Memory of stochastic single-cell apoptotic signaling promotes chemoresistance in neuroblastoma

Menée à l'aide de lignées cellulaires de neuroblastome, de xénogreffes dérivées de tumeurs issues de patients et d'une modélisation mathématique, cette étude met en évidence un mécanisme par lequel le bruit d'expression (lecture aléatoire et intermittente de l’information génétique), lorsqu'il concerne plusieurs éléments impliqués dans la signalisation de l'apoptose, favorise l'émergence de cellules cancéreuses chimiorésistantes puis démontre que la mémoire de cet état cellulaire initialement aléatoire peut-être conservée après une chimiothérapie

Gene expression noise is known to promote stochastic drug resistance through the elevated expression of individual genes in rare cancer cells. However, we now demonstrate that chemoresistant neuroblastoma cells emerge at a much higher frequency when the influence of noise is integrated across multiple components of an apoptotic signaling network. Using a JNK activity biosensor with longitudinal high-content and in vivo intravital imaging, we identify a population of stochastic, JNK-impaired, chemoresistant cells that exist because of noise within this signaling network.
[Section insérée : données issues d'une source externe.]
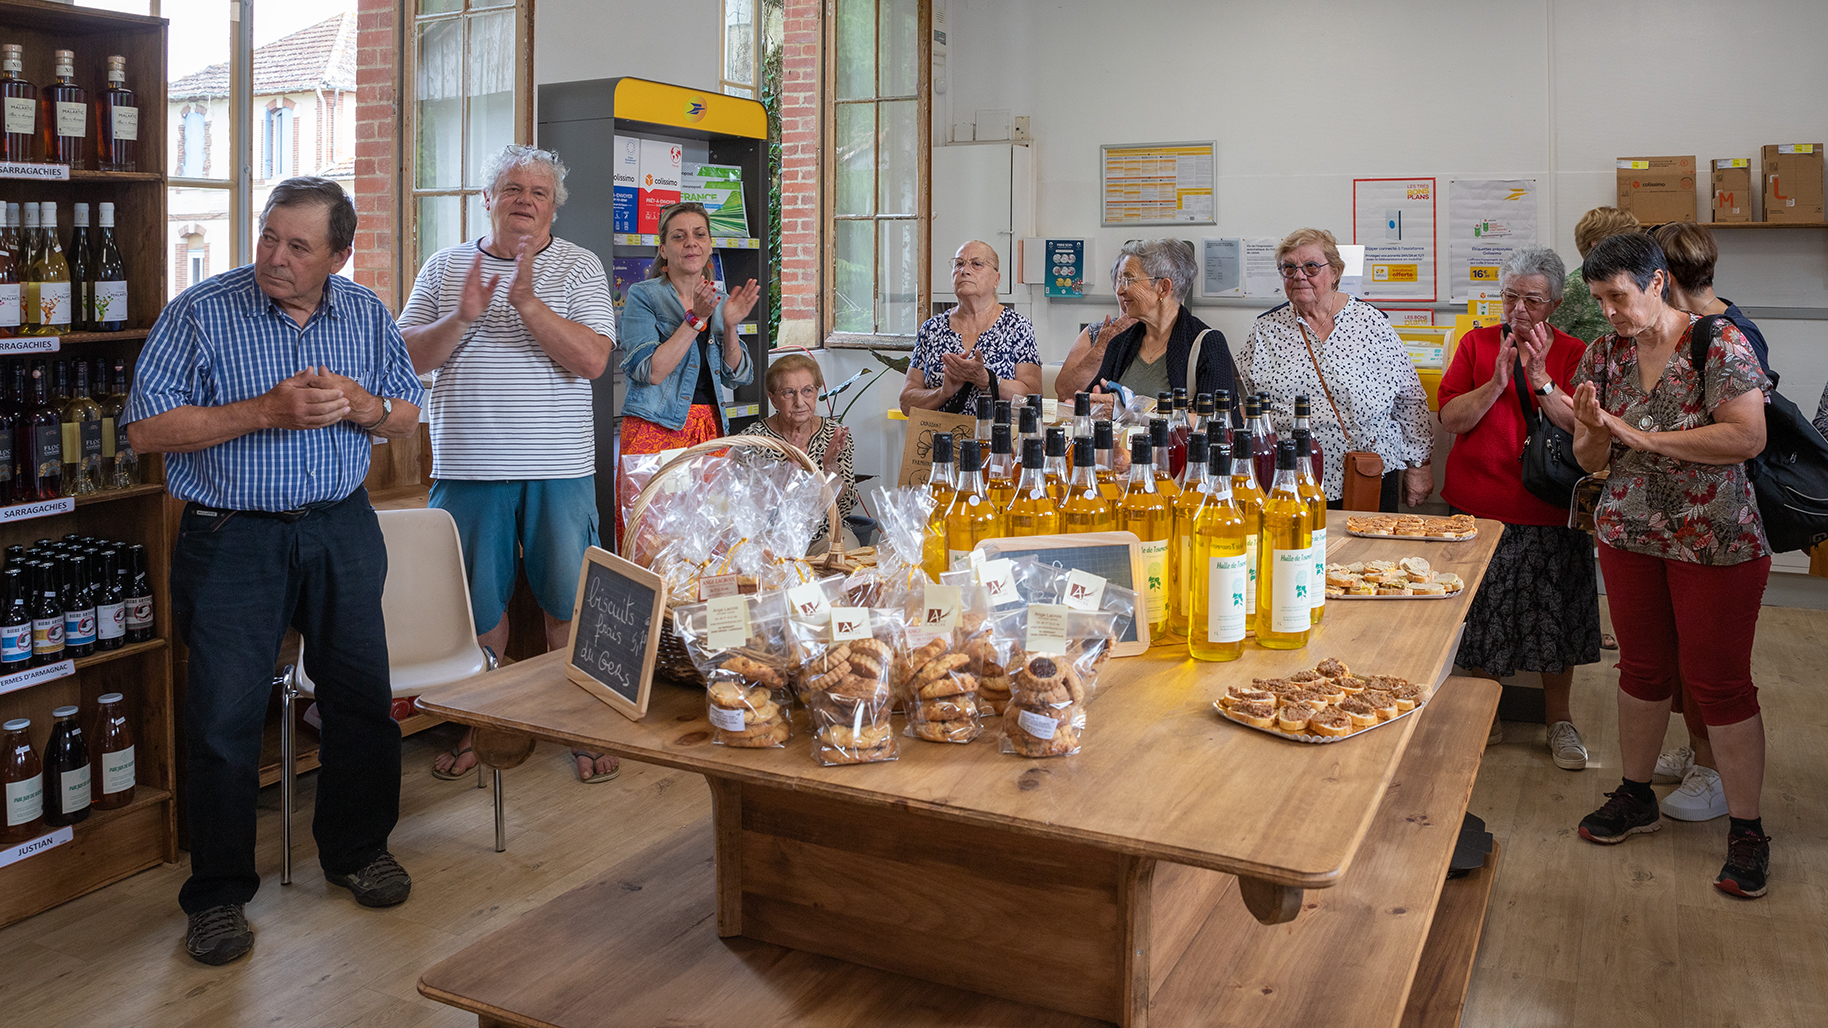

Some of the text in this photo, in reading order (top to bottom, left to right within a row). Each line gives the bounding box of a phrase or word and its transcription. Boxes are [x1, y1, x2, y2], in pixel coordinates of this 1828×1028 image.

Furthermore, we reveal that the memory of this initially random state is retained following chemotherapy treatment across a series of in vitro, in vivo, and patient models. Using matched PDX models established at diagnosis and relapse from individual patients, we show that HDAC inhibitor priming cannot erase the memory of this resistant state within relapsed neuroblastomas but improves response in the first-line setting by restoring drug-induced JNK activity within the chemoresistant population of treatment-naïve tumors.